(Sa"chem) n. A chief of a tribe of the American Indians; a sagamore. See Sagamore.
(Sa"chem*dom) n. The government or jurisdiction of a sachem. Dr. T. Dwight.
(Sa"chem*ship), n. Office or condition of a sachem.
(||Sa`chet") n. [F., dim. of sac. See Sac.] A scent bag, or perfume cushion, to be laid among
handkerchiefs, garments, etc., to perfume them.
(Sa*ci"e*ty) n. Satiety. [Obs.] Bacon.
Sack posset, a posset made of sack, and some other ingredients.
(Sack) n. [OE. seck, F. sec dry from L. siccus dry, harsh; perhaps akin to Gr. 'ischno`s, Skr.
sikata sand, Ir. sesc dry, W. hysp. Cf. Desiccate.] A name formerly given to various dry Spanish
wines. "Sherris sack." Shak.
(Sack), n. [OE. sak, sek, AS. sacc, sæcc, L. saccus, Gr. sa`kkos from Heb. sak; cf. F. sac,
from the Latin. Cf. Sac, Satchel, Sack to plunder.]
1. A bag for holding and carrying goods of any kind; a receptacle made of some kind of pliable material,
as cloth, leather, and the like; a large pouch.
2. A measure of varying capacity, according to local usage and the substance. The American sack of
salt is 215 pounds; the sack of wheat, two bushels. McElrath.
3. [Perhaps a different word.] Originally, a loosely hanging garment for women, worn like a cloak about
the shoulders, and serving as a decorative appendage to the gown; now, an outer garment with sleeves,
worn by women; as, a dressing sack. [Written also sacque.]
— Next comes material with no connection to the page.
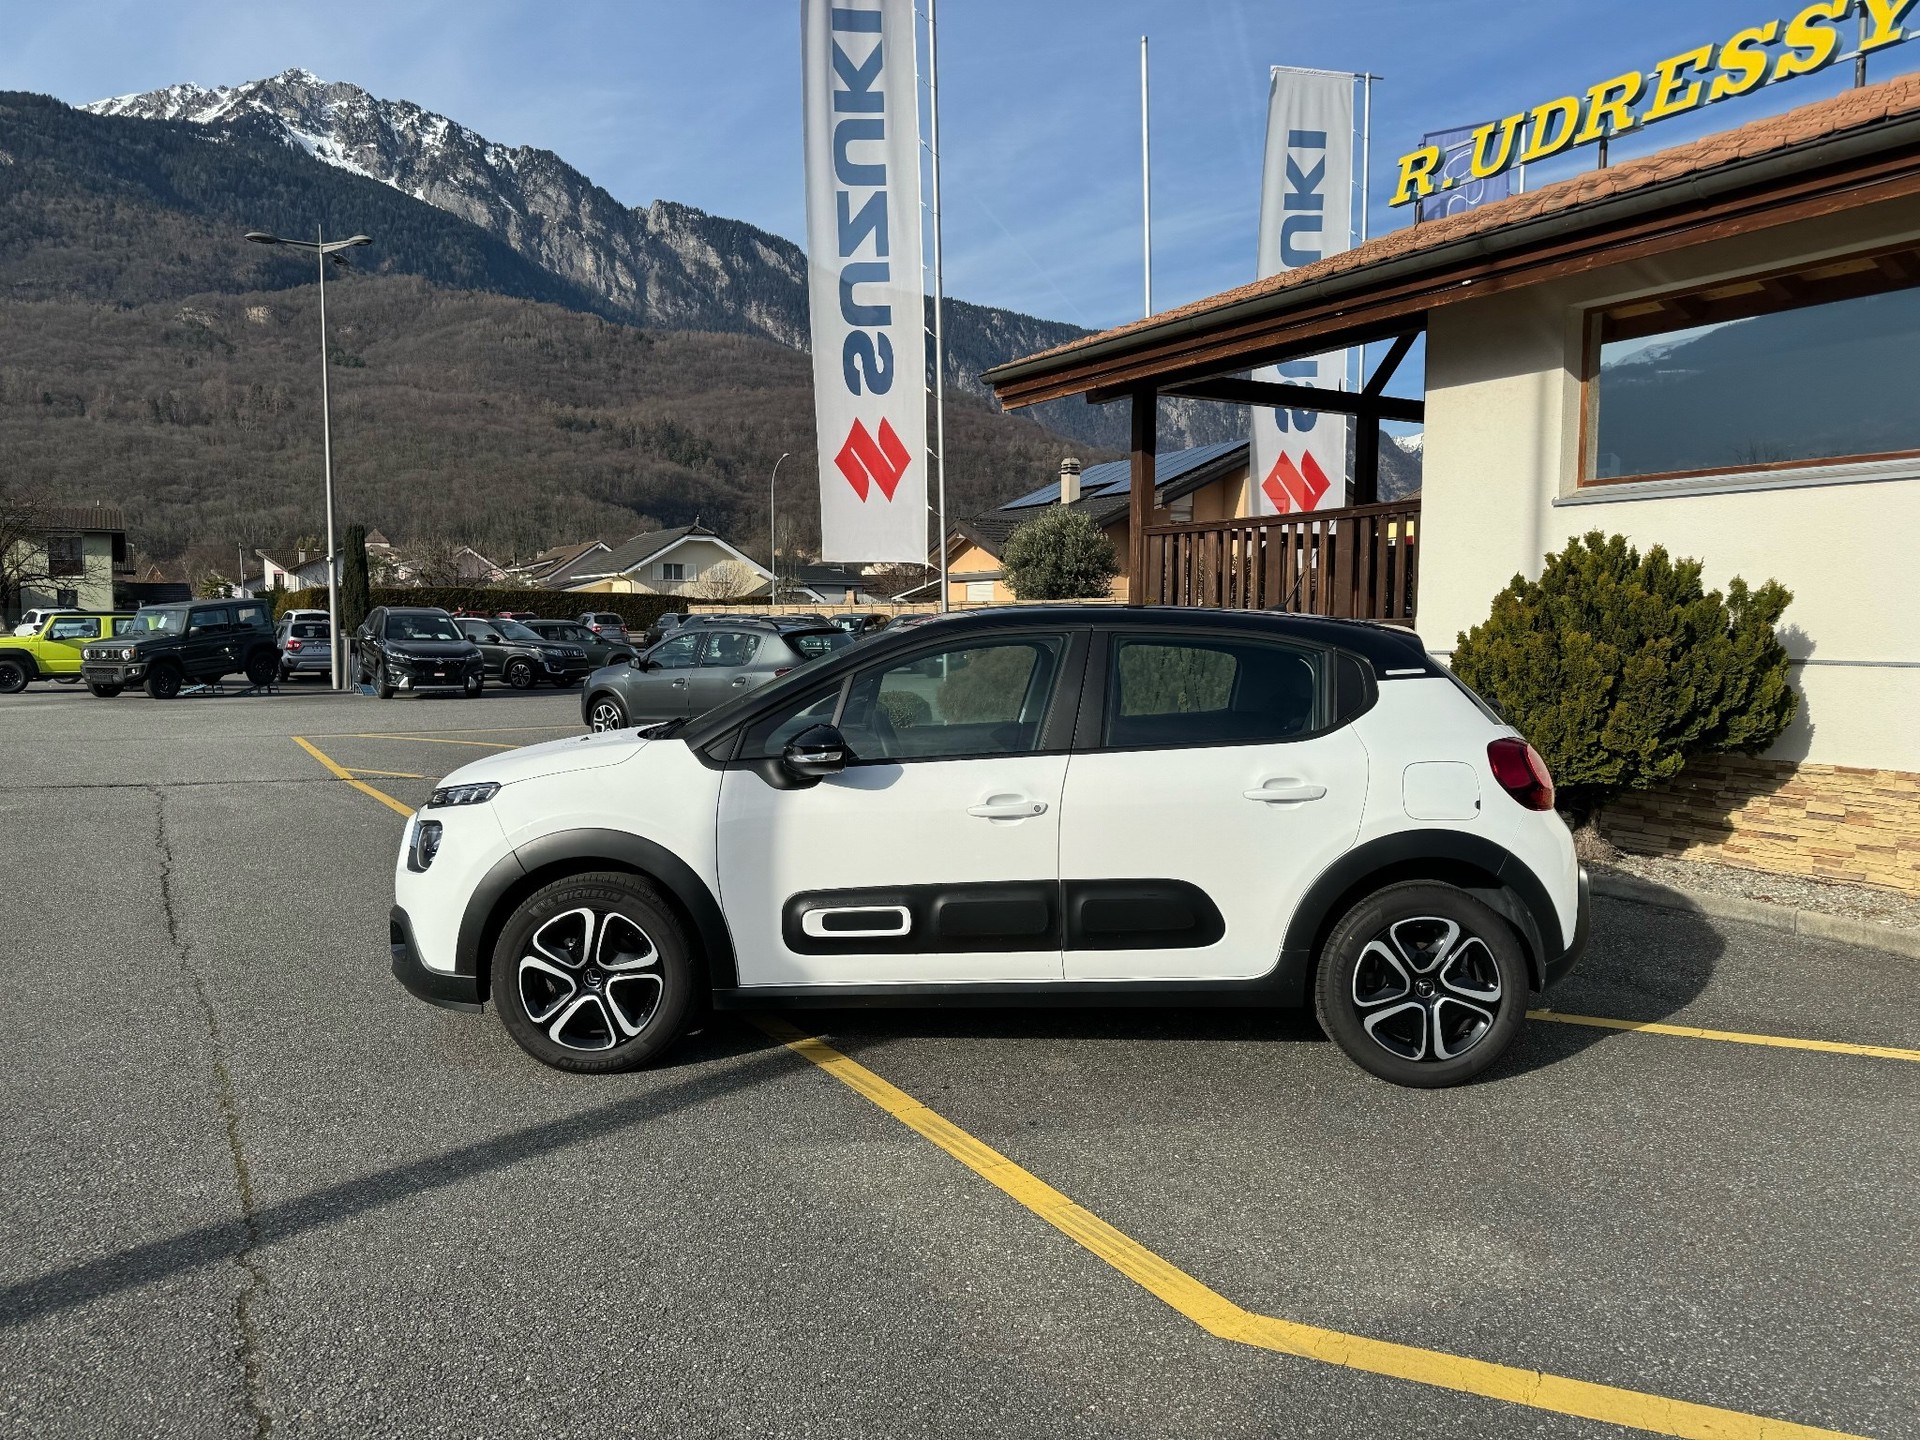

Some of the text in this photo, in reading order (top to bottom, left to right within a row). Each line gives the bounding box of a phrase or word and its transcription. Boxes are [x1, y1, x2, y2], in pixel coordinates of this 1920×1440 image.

[1389, 0, 1912, 207] R. UDRESSY
[555, 888, 622, 903] MICHELIN
4. A sack coat; a kind of coat worn by men, and extending from top to bottom without a cross seam.
5. (Biol.) See 2d Sac, 2.
Sack bearer (Zoöl.). See Basket worm, under Basket. Sack tree (Bot.), an East Indian tree
(Antiaris saccidora) which is cut into lengths, and made into sacks by turning the bark inside out, and
leaving a slice of the wood for a bottom. To give the sack to or get the sack, to discharge, or be
discharged, from employment; to jilt, or be jilted. [Slang]
(Sack), v. t.
1. To put in a sack; to bag; as, to sack corn.
Bolsters sacked in cloth, blue and crimson.L. Wallace.
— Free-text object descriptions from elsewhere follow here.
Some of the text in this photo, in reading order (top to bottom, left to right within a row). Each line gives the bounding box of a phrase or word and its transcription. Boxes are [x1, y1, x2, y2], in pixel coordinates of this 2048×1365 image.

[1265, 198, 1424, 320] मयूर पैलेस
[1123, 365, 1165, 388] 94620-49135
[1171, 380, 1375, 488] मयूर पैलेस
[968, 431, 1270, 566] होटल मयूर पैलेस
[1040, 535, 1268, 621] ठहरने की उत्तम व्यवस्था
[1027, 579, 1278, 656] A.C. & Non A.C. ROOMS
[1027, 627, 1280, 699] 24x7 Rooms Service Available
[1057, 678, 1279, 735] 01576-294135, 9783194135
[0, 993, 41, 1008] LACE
2. To bear or carry in a sack upon the back or the shoulders. [Colloq.]
(Sack), n. [F. sac plunder, pillage, originally, a pack, packet, booty packed up, fr. L. saccus. See
Sack a bag.] The pillage or plunder, as of a town or city; the storm and plunder of a town; devastation; ravage.
The town was stormed, and delivered up to sack, by which phrase is to be understood the perpetration
of all those outrages which the ruthless code of war allowed, in that age, on the persons and property of
the defenseless inhabitants, without regard to sex or age.Prescott.